╭─ Given records

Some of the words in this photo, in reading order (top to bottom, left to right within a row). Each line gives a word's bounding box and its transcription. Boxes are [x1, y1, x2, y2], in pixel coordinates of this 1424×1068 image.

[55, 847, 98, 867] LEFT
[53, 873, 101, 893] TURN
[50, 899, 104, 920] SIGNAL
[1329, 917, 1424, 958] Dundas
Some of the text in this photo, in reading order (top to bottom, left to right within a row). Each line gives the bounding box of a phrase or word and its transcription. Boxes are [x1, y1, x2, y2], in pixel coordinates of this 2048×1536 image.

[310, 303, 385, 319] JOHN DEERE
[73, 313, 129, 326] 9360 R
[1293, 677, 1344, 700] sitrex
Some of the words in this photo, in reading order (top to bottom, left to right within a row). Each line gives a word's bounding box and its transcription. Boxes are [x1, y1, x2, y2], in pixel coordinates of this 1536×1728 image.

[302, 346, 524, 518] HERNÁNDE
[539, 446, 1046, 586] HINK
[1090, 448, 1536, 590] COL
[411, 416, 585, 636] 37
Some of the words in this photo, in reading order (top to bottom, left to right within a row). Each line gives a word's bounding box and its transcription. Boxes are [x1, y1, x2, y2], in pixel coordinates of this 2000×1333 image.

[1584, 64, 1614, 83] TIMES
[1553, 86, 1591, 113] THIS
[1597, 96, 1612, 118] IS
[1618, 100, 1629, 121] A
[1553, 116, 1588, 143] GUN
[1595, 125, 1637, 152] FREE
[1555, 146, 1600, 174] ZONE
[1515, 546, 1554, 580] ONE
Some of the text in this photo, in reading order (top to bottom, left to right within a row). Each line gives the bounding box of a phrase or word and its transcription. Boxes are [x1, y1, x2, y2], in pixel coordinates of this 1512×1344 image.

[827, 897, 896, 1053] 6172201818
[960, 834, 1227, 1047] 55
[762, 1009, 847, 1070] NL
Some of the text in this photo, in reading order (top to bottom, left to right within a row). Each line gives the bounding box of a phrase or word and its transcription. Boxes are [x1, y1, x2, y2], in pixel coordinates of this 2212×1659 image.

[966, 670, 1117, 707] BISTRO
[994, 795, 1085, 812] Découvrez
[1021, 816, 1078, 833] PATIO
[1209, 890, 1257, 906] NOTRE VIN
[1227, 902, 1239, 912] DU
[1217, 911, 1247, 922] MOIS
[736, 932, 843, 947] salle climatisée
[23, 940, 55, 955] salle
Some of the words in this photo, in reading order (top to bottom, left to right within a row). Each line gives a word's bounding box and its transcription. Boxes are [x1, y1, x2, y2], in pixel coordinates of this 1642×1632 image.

╰─

Description of the task — Line for line, the material above should be repeated exactly.

Task response —
Some of the words in this photo, in reading order (top to bottom, left to right within a row). Each line gives a word's bounding box and its transcription. Boxes are [x1, y1, x2, y2], in pixel coordinates of this 1424×1068 image.

[55, 847, 98, 867] LEFT
[53, 873, 101, 893] TURN
[50, 899, 104, 920] SIGNAL
[1329, 917, 1424, 958] Dundas
Some of the text in this photo, in reading order (top to bottom, left to right within a row). Each line gives the bounding box of a phrase or word and its transcription. Boxes are [x1, y1, x2, y2], in pixel coordinates of this 2048×1536 image.

[310, 303, 385, 319] JOHN DEERE
[73, 313, 129, 326] 9360 R
[1293, 677, 1344, 700] sitrex
Some of the words in this photo, in reading order (top to bottom, left to right within a row). Each line gives a word's bounding box and its transcription. Boxes are [x1, y1, x2, y2], in pixel coordinates of this 1536×1728 image.

[302, 346, 524, 518] HERNÁNDE
[539, 446, 1046, 586] HINK
[1090, 448, 1536, 590] COL
[411, 416, 585, 636] 37
Some of the words in this photo, in reading order (top to bottom, left to right within a row). Each line gives a word's bounding box and its transcription. Boxes are [x1, y1, x2, y2], in pixel coordinates of this 2000×1333 image.

[1584, 64, 1614, 83] TIMES
[1553, 86, 1591, 113] THIS
[1597, 96, 1612, 118] IS
[1618, 100, 1629, 121] A
[1553, 116, 1588, 143] GUN
[1595, 125, 1637, 152] FREE
[1555, 146, 1600, 174] ZONE
[1515, 546, 1554, 580] ONE
Some of the text in this photo, in reading order (top to bottom, left to right within a row). Each line gives the bounding box of a phrase or word and its transcription. Boxes are [x1, y1, x2, y2], in pixel coordinates of this 1512×1344 image.

[827, 897, 896, 1053] 6172201818
[960, 834, 1227, 1047] 55
[762, 1009, 847, 1070] NL
Some of the text in this photo, in reading order (top to bottom, left to right within a row). Each line gives the bounding box of a phrase or word and its transcription. Boxes are [x1, y1, x2, y2], in pixel coordinates of this 2212×1659 image.

[966, 670, 1117, 707] BISTRO
[994, 795, 1085, 812] Découvrez
[1021, 816, 1078, 833] PATIO
[1209, 890, 1257, 906] NOTRE VIN
[1227, 902, 1239, 912] DU
[1217, 911, 1247, 922] MOIS
[736, 932, 843, 947] salle climatisée
[23, 940, 55, 955] salle
Some of the words in this photo, in reading order (top to bottom, left to right within a row). Each line gives a word's bounding box and its transcription. Boxes are [x1, y1, x2, y2], in pixel coordinates of this 1642×1632 image.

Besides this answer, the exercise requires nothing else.